Friday 27 April 2012

John McCain backs Richard Lugar in Indiana Senate Race; old running mate Sarah Palin backs Richard Mourdock

 History is repeating itself in Indiana where one of the Senate’s two longest-serving Republicans, Richard Lugar, 80, who was first elected in 1976, is facing a challenge in the May 8 primary from state Treasurer Richard Mourdock, who became famous in 2009 for opposing the auto industry bailout and the forced write-downs for Chrysler bond holders. 
Mourdock is backed by Tea Party activists, the Club for Growth, the National Rifle Association, and old-line social conservatives like Phyllis Schlafly.
As Lugar struggles to fend off Mourdock’s challenge, Democrats hope their candidate, Rep. Joe Donnelly, will profit from the GOP schism and pick up the incumbent’s seat in November.

Sen. John Cornyn, R-Texas, chairman of the National Republican Senatorial Committee, said Wednesday, “The race is very close now and it’ll be decided on May 8 and a number of factors could apply. Obviously turnout is important. Gov. (Mitch) Daniels’s ad supporting Sen. Lugar is a very positive development for him,” he said. “But our job is to hold the seat (in November) and we’ll support the nominee in the general election, but I think we will hold that seat regardless of what happens in the primary.”

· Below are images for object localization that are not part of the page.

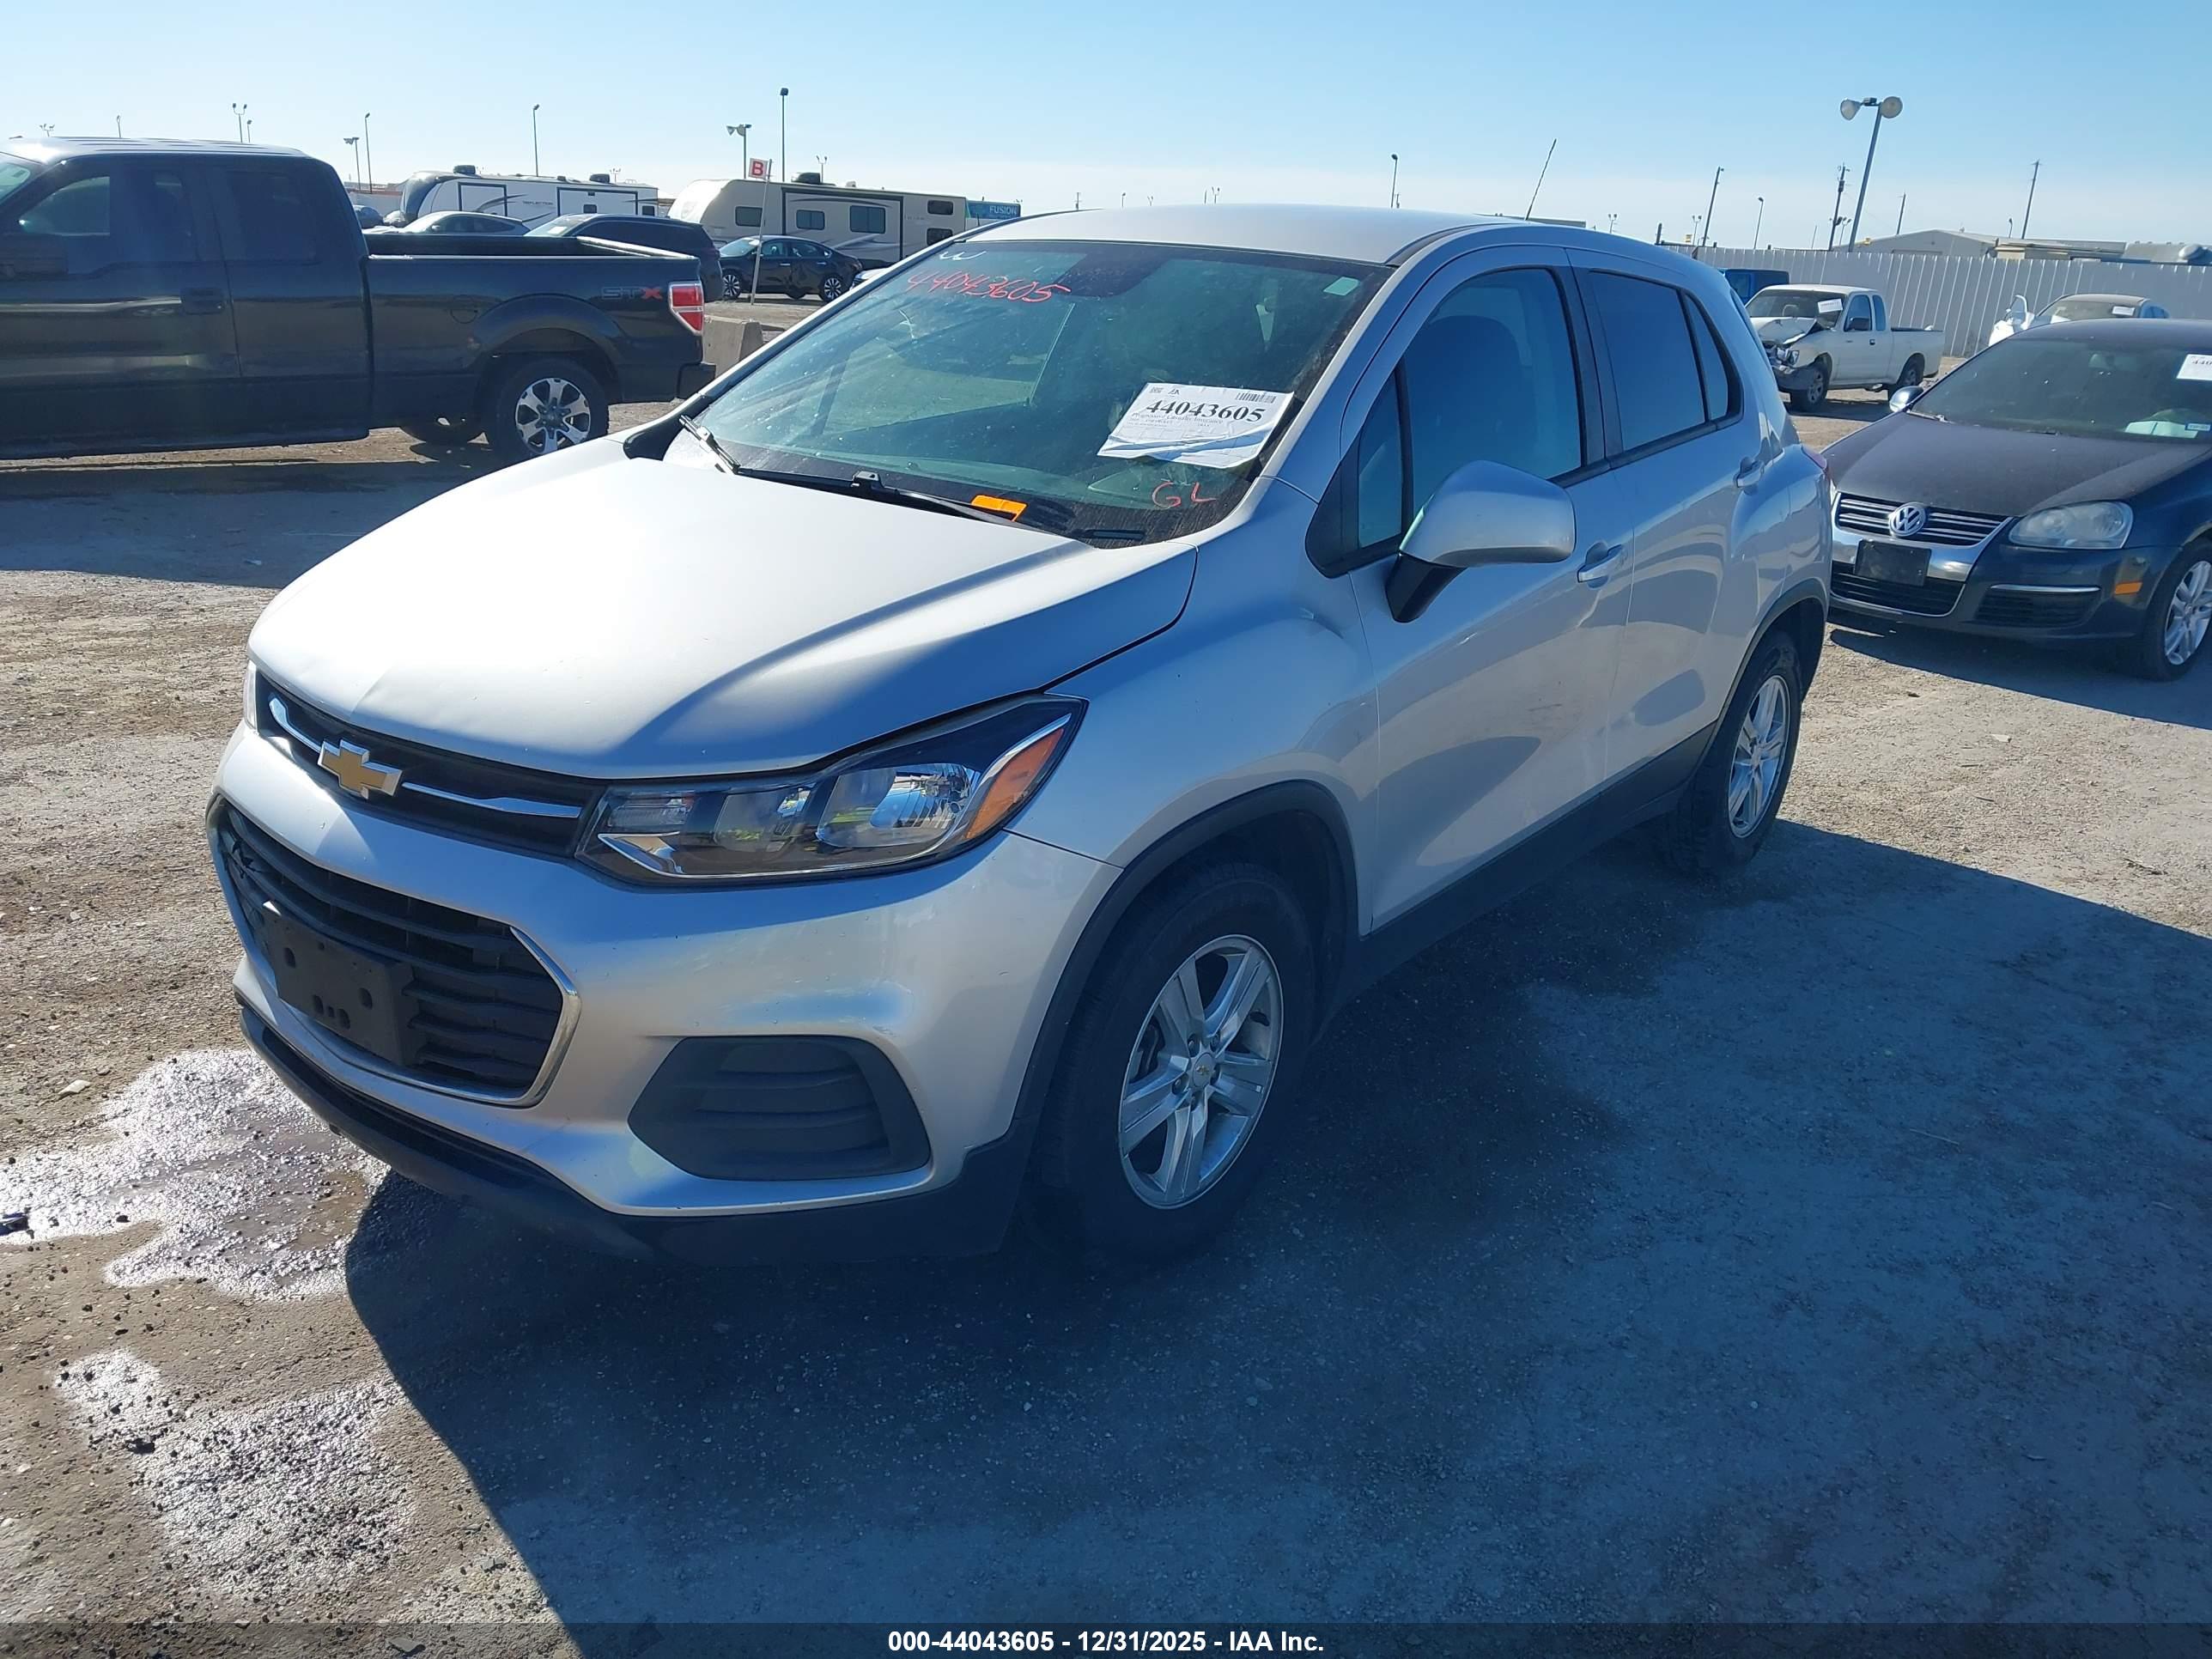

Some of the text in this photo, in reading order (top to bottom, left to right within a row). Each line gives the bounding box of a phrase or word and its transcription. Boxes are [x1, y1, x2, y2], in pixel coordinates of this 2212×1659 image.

[751, 161, 764, 176] B
[989, 205, 1018, 216] FUSION
[602, 286, 663, 300] STX
[905, 270, 1072, 302] 44043605
[1146, 399, 1266, 422] 44043605
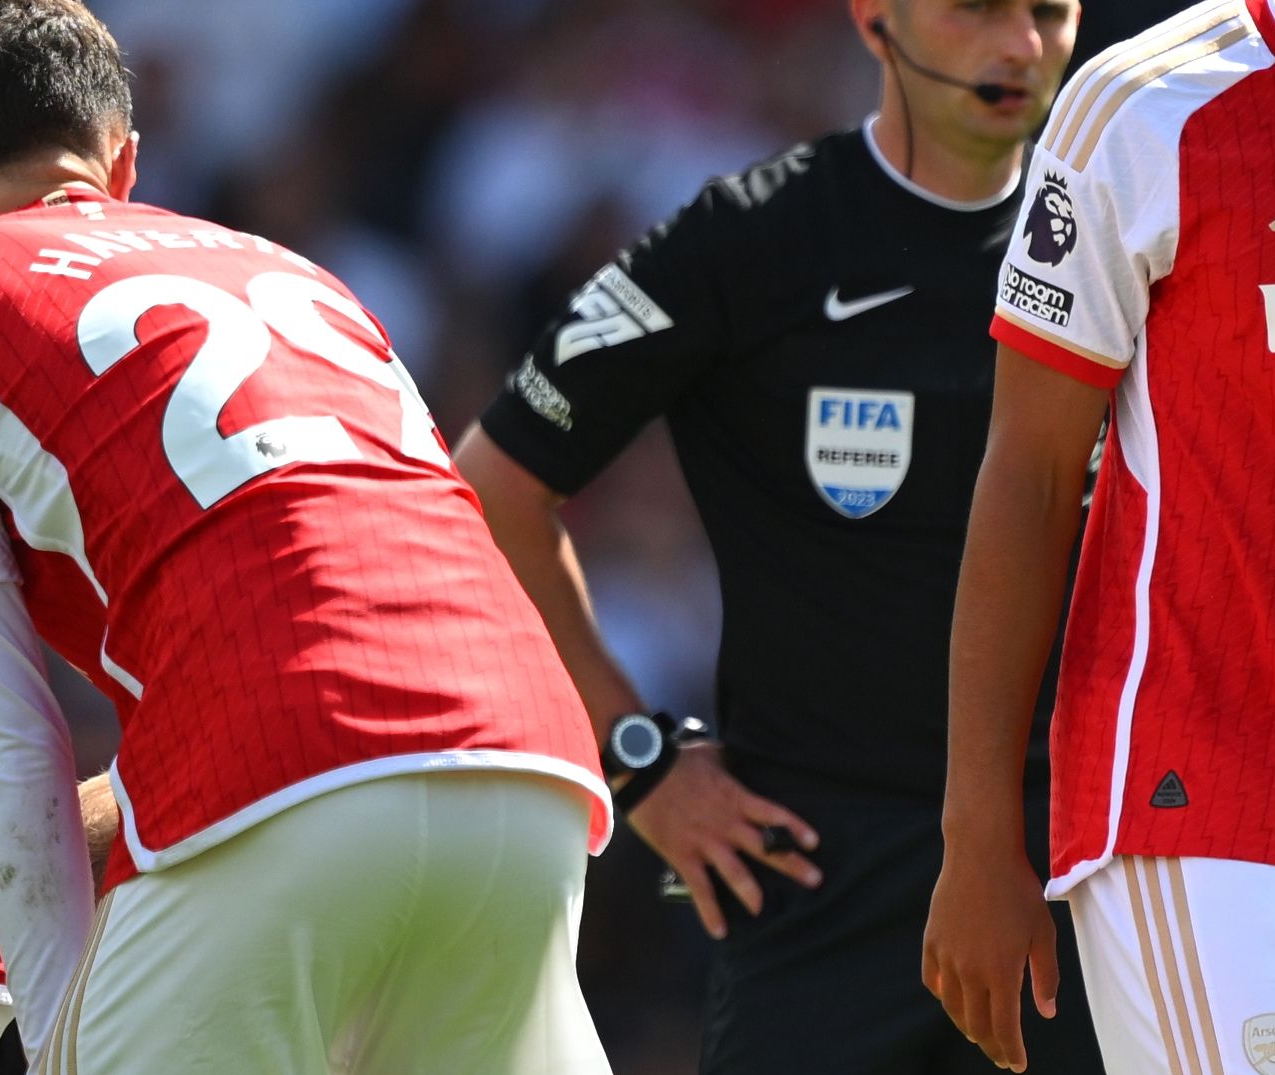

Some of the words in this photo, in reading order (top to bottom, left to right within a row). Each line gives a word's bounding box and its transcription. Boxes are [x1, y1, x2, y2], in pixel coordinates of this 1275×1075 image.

[1019, 276, 1065, 308] room
[1013, 290, 1069, 327] racism
[77, 271, 451, 511] 29
[820, 399, 902, 431] FIFA
[817, 448, 901, 468] REFEREE
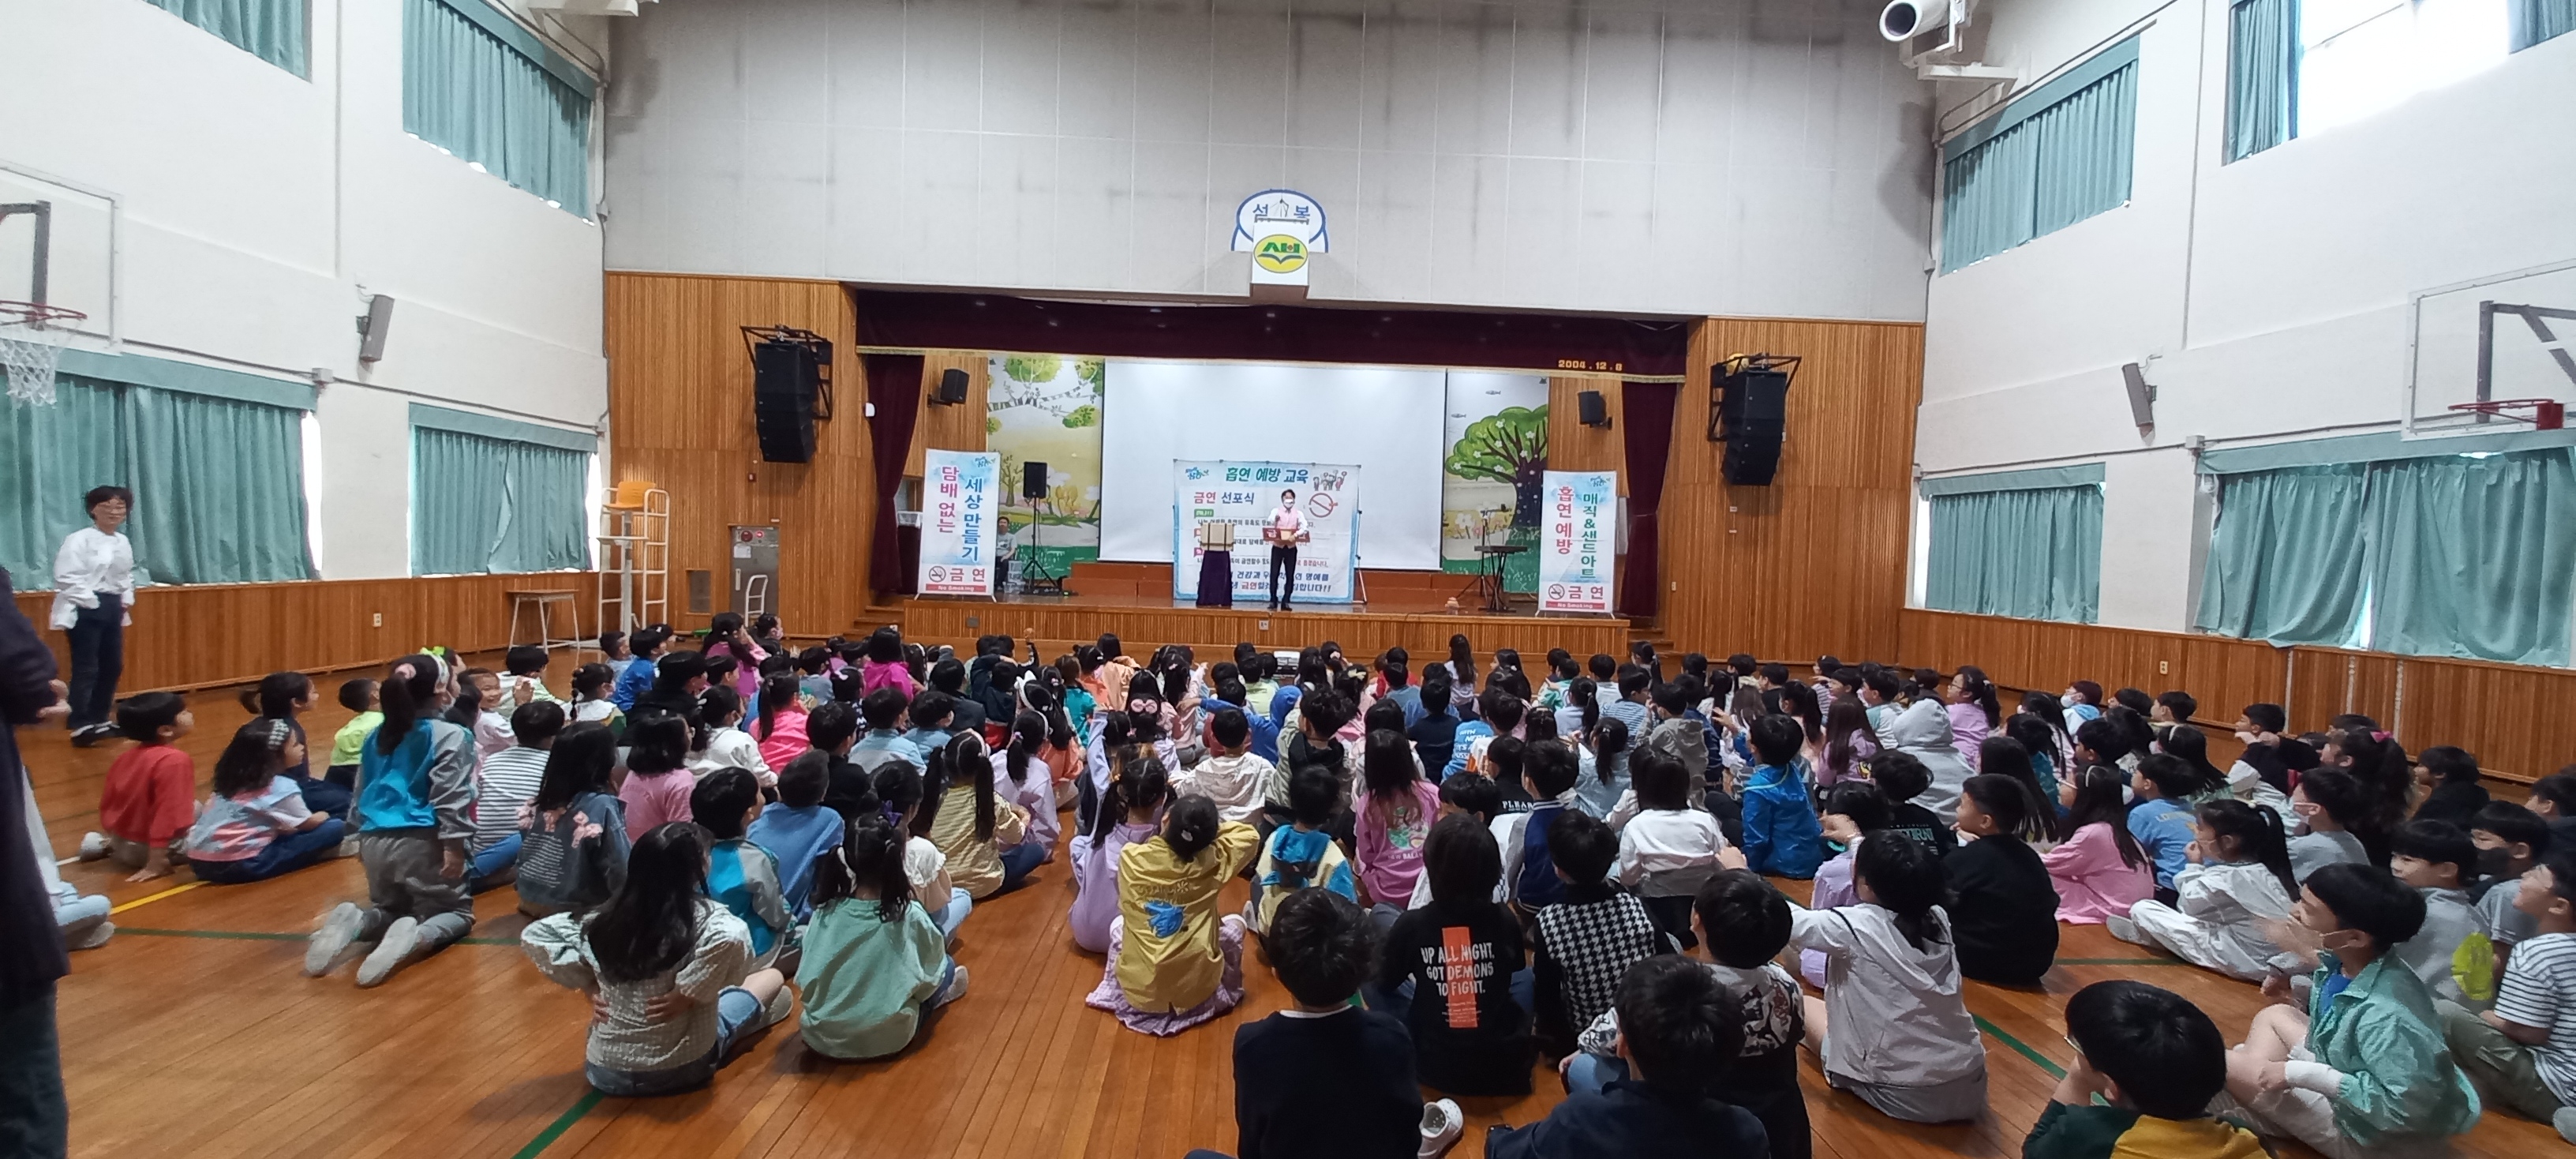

McCain — who lost Indiana to Democrat Barack Obama in 2008 — is featured in a new radio ad for Lugar, rebutting charges that Lugar is Obama’s favorite Republican. He argues that Lugar “fought every day against Obama’s budget-busting proposals which have mortgaged our children’s futures” and said the senator’s “strong opposition to Obamacare helped spark Indiana’s involvement in the Supreme Court case to overturn the government’s takeover of health care.”


“Some in Indiana are claiming Dick Lugar is Obama’s friend,” McCain says in the ad. “That’s ridiculous. And I know it firsthand, because I fight alongside him every day in the Senate. Dick Lugar is a patriot and a hero, and we need him in the United States Senate.



The winner of the May 8 primary election will face Democrat U.S. Rep. Joe Donnelly in November. Democrats are already seizing on Palin’s endorsement to draw contrasts in the event that Mourdock prevails.


Palin’s endorsement of Mourdock makes perfect sense, said Ben Ray, a spokesman for the Indiana Democratic Party.


“Both of them support Paul Ryan’s plan to end the Medicare guarantee, both of them want deep cuts to Social Security and both of them support bad trade deals to ship our jobs overseas,” Ray argued. “Richard Mourdock and Sarah Palin are just wrong for Hoosiers.